> _Aim of the exercise_:
Could you write out, exactly as they stand, only the lines in the listing below from the line with "this 1367×1828 image." to the line with "this 1080×1620 image.", both ends included, without the pictures?

> _Data for analysis_:
::::::
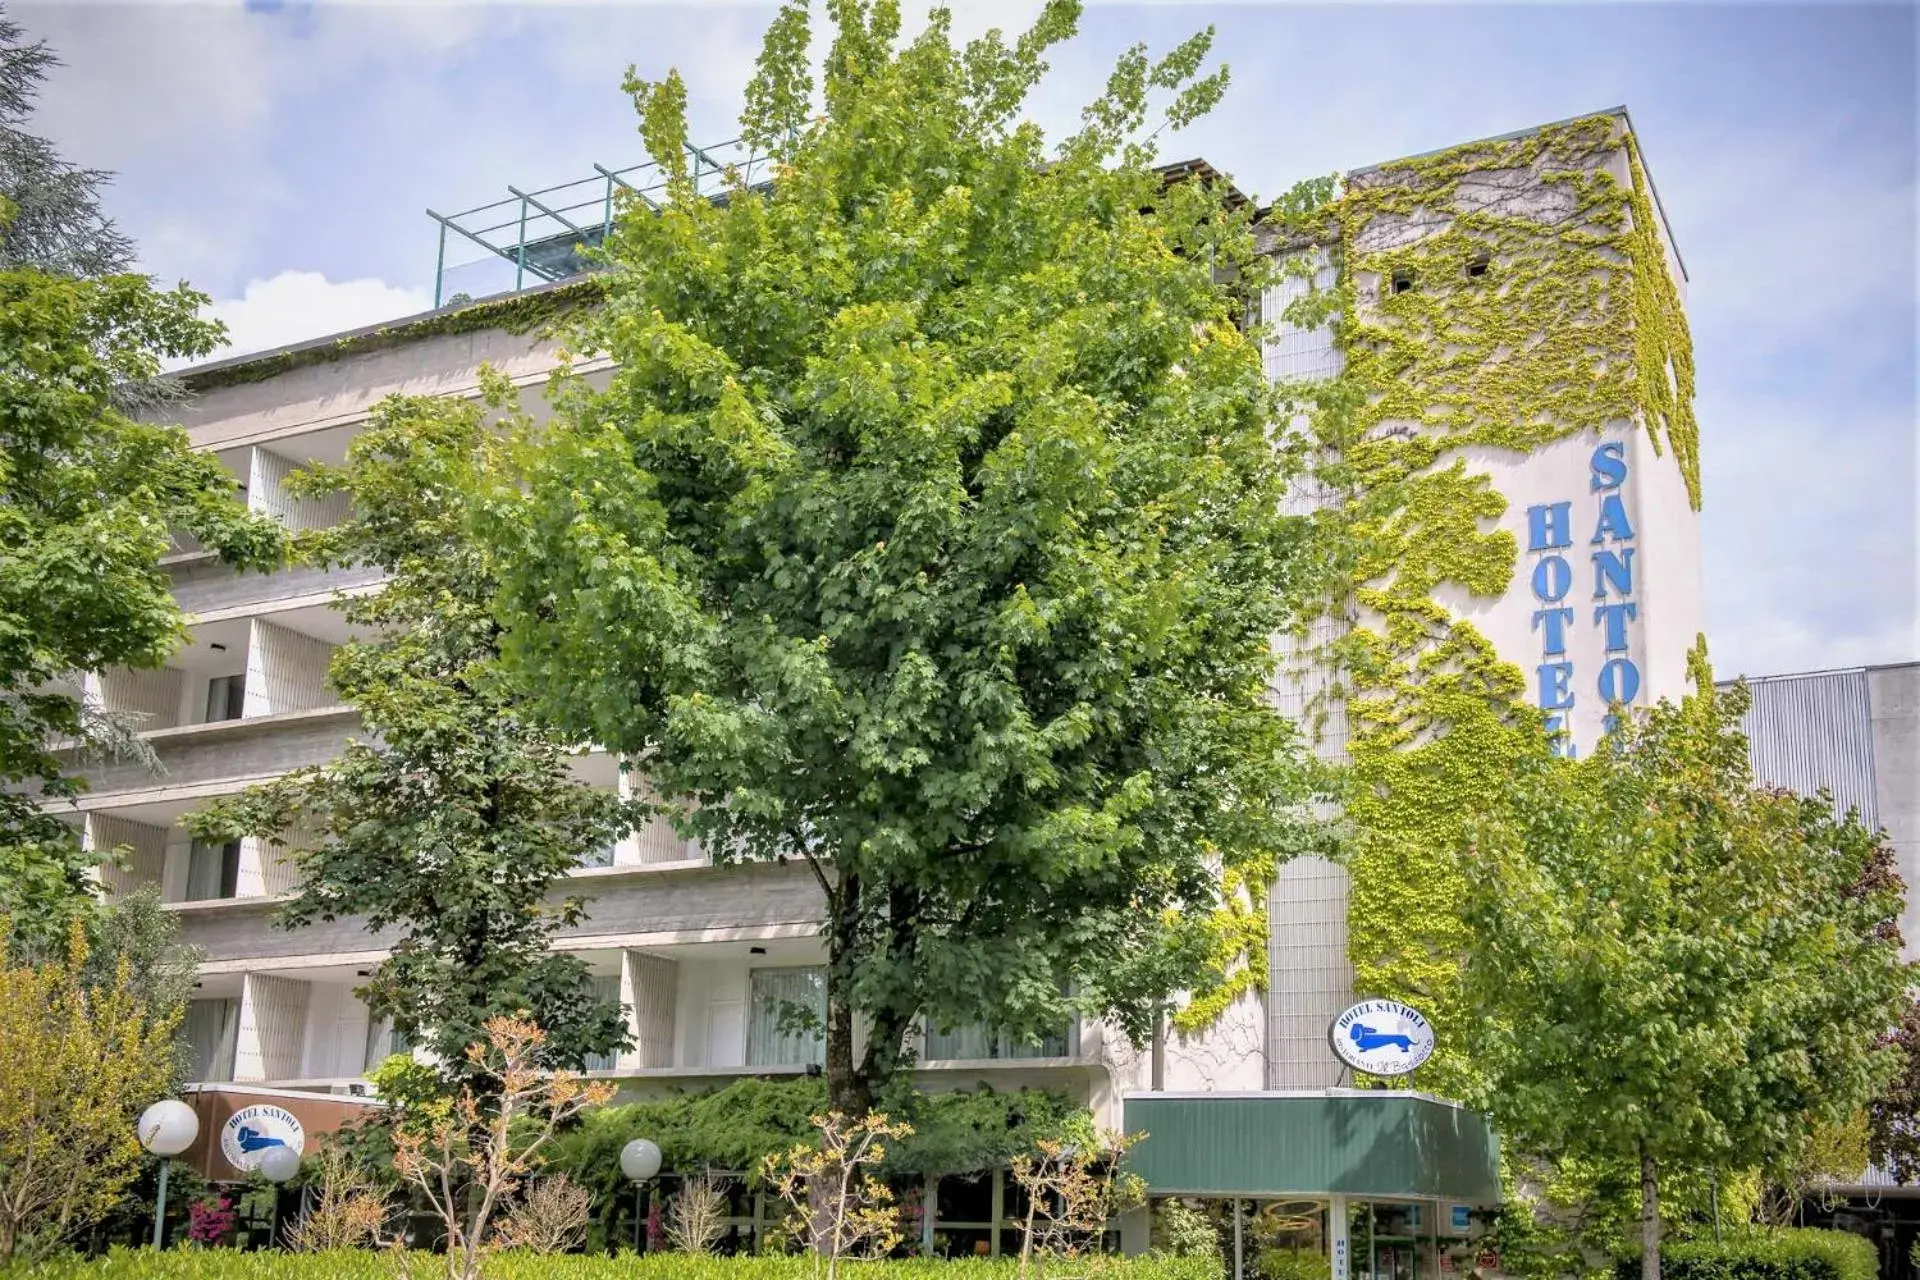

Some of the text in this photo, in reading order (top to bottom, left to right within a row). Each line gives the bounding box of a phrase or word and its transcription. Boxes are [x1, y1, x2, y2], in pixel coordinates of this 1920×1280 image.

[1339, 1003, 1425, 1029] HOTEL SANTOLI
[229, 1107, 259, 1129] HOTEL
::::::
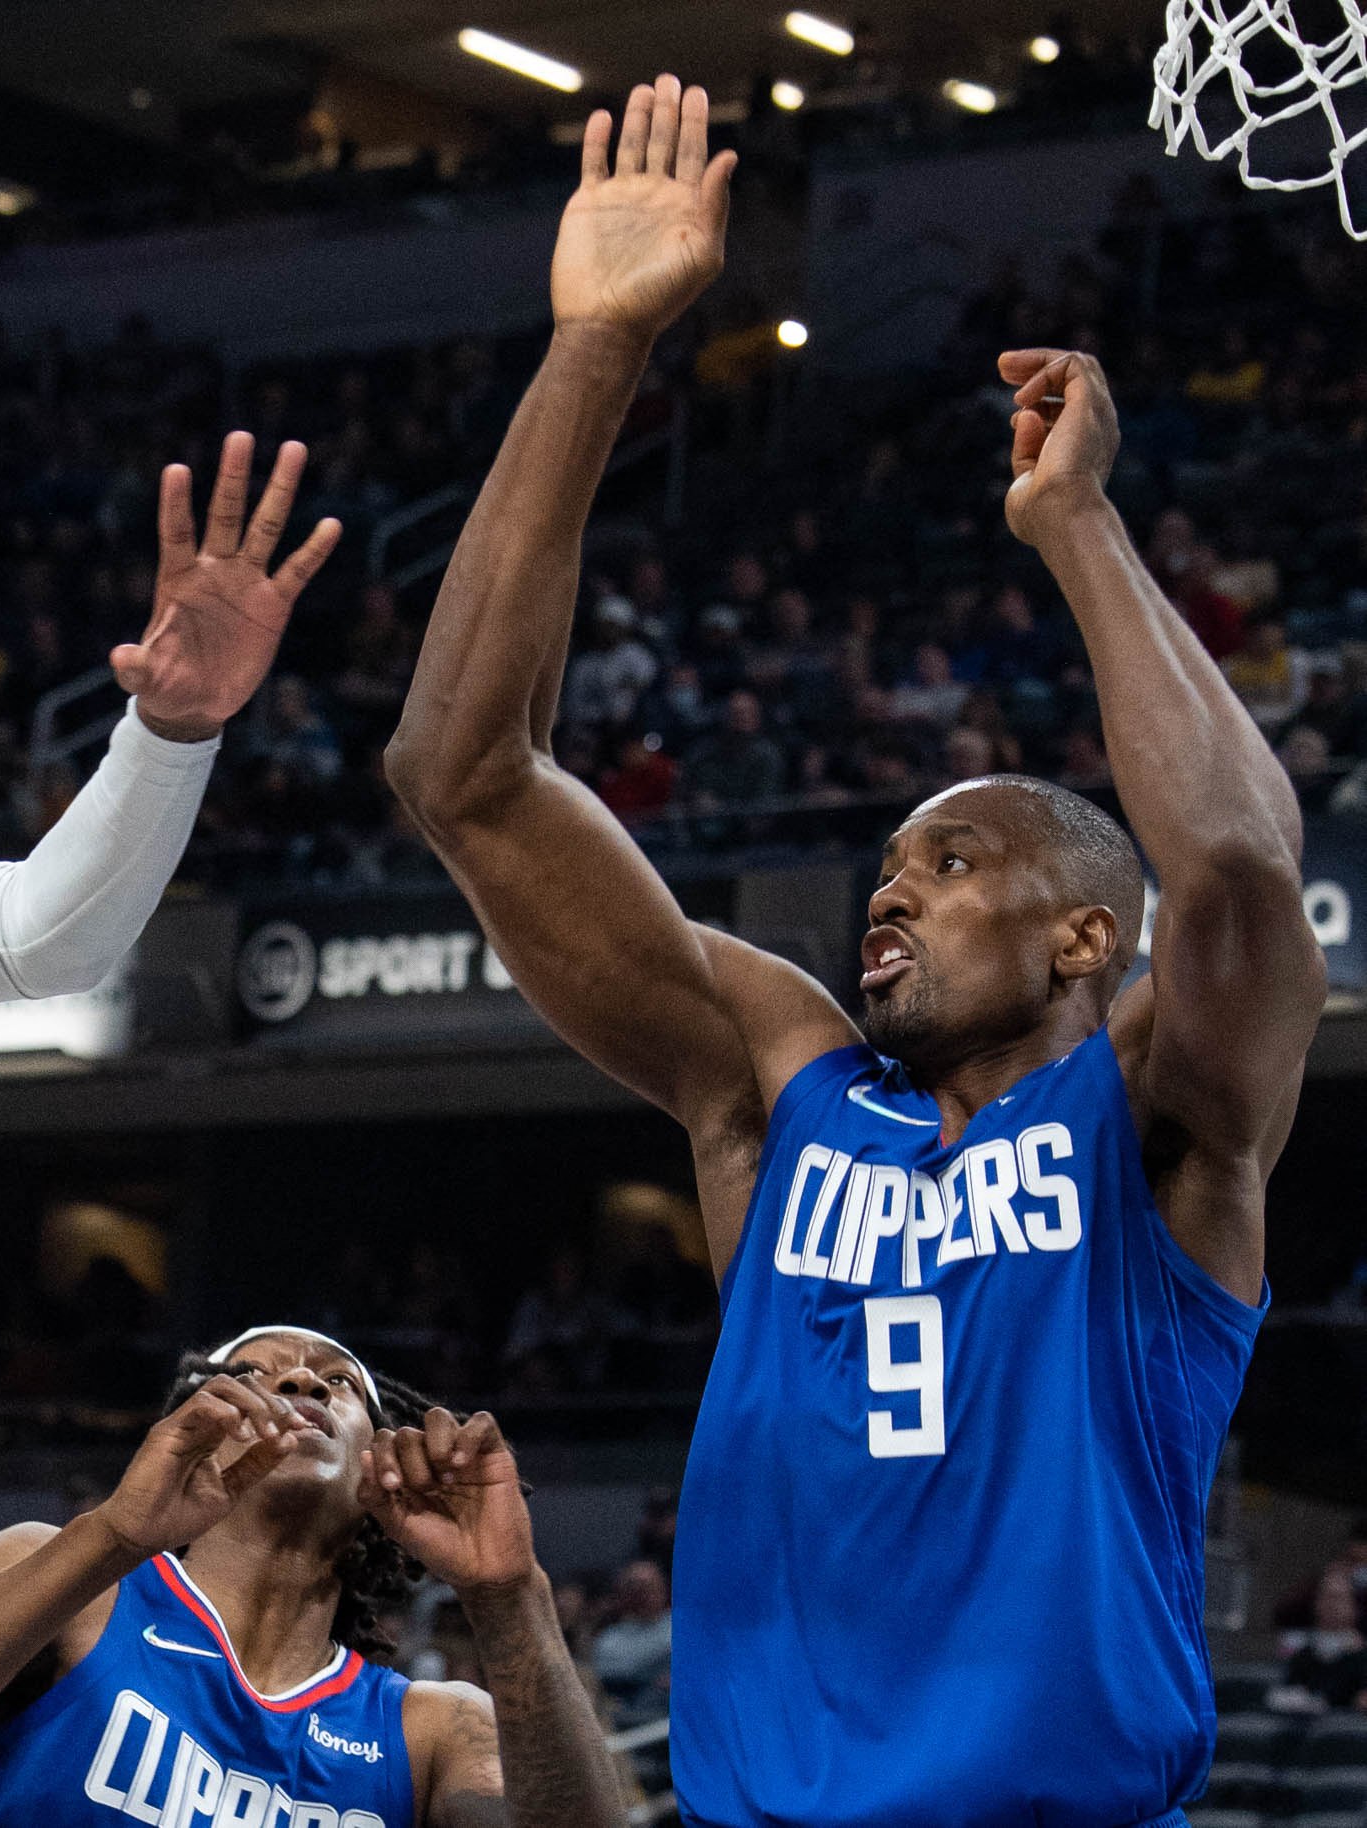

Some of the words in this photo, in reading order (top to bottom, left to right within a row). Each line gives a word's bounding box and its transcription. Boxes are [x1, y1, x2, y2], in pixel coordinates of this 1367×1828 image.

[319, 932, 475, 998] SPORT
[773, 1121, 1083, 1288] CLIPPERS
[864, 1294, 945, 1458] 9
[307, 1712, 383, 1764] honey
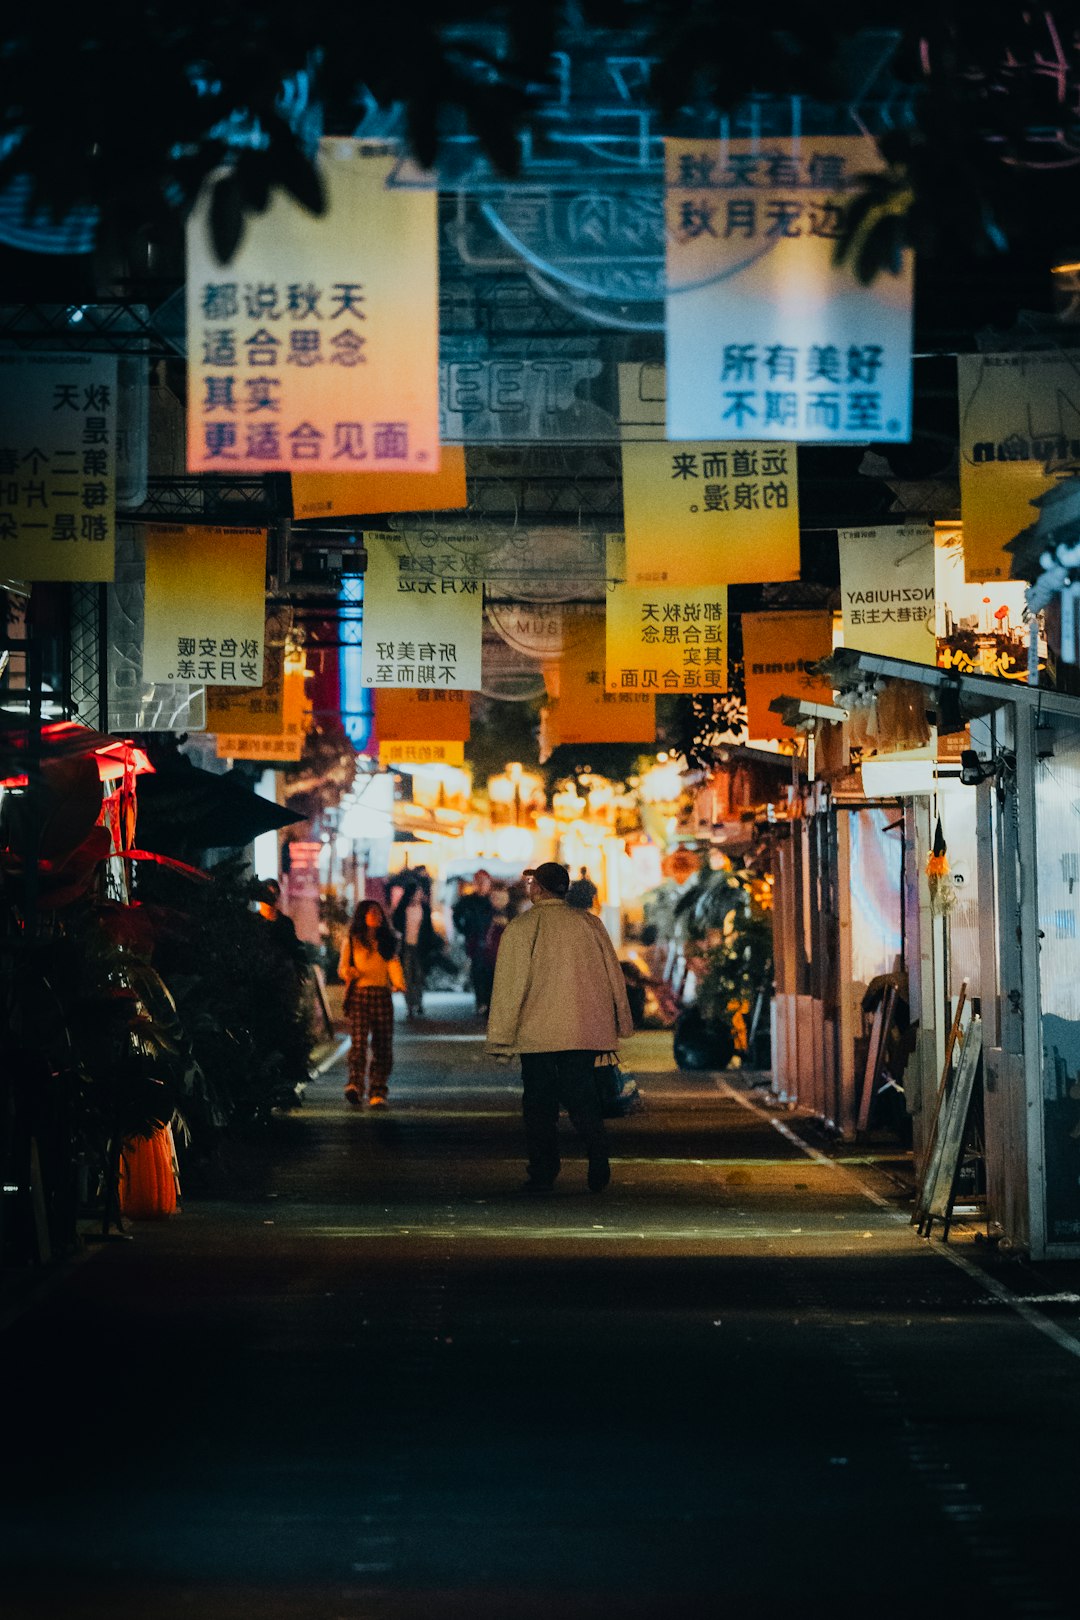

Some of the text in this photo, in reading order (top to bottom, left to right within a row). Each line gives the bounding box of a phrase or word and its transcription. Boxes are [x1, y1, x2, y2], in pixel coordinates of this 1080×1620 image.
::::::
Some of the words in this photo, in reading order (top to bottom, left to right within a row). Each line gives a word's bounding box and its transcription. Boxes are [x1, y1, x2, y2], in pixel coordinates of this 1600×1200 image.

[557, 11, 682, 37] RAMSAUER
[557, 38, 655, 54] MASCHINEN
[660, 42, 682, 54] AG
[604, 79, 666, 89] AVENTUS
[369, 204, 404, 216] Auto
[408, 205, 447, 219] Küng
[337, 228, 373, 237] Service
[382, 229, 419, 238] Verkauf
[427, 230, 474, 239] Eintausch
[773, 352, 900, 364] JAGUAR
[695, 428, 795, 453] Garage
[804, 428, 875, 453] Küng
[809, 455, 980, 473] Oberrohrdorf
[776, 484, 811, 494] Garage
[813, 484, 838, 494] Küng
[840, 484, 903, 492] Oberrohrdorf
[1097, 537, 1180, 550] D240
::::::
> _Task result_:
Some of the words in this photo, in reading order (top to bottom, left to right within a row). Each line gives a word's bounding box and its transcription. Boxes are [x1, y1, x2, y2], in pixel coordinates of this 1367×1828 image.

[319, 932, 475, 998] SPORT
[773, 1121, 1083, 1288] CLIPPERS
[864, 1294, 945, 1458] 9
[307, 1712, 383, 1764] honey

Some of the text in this photo, in reading order (top to bottom, left to right within a row). Each line gives the bounding box of a phrase or word and its transcription. Boxes are [x1, y1, x2, y2], in pixel coordinates of this 1080×1620 image.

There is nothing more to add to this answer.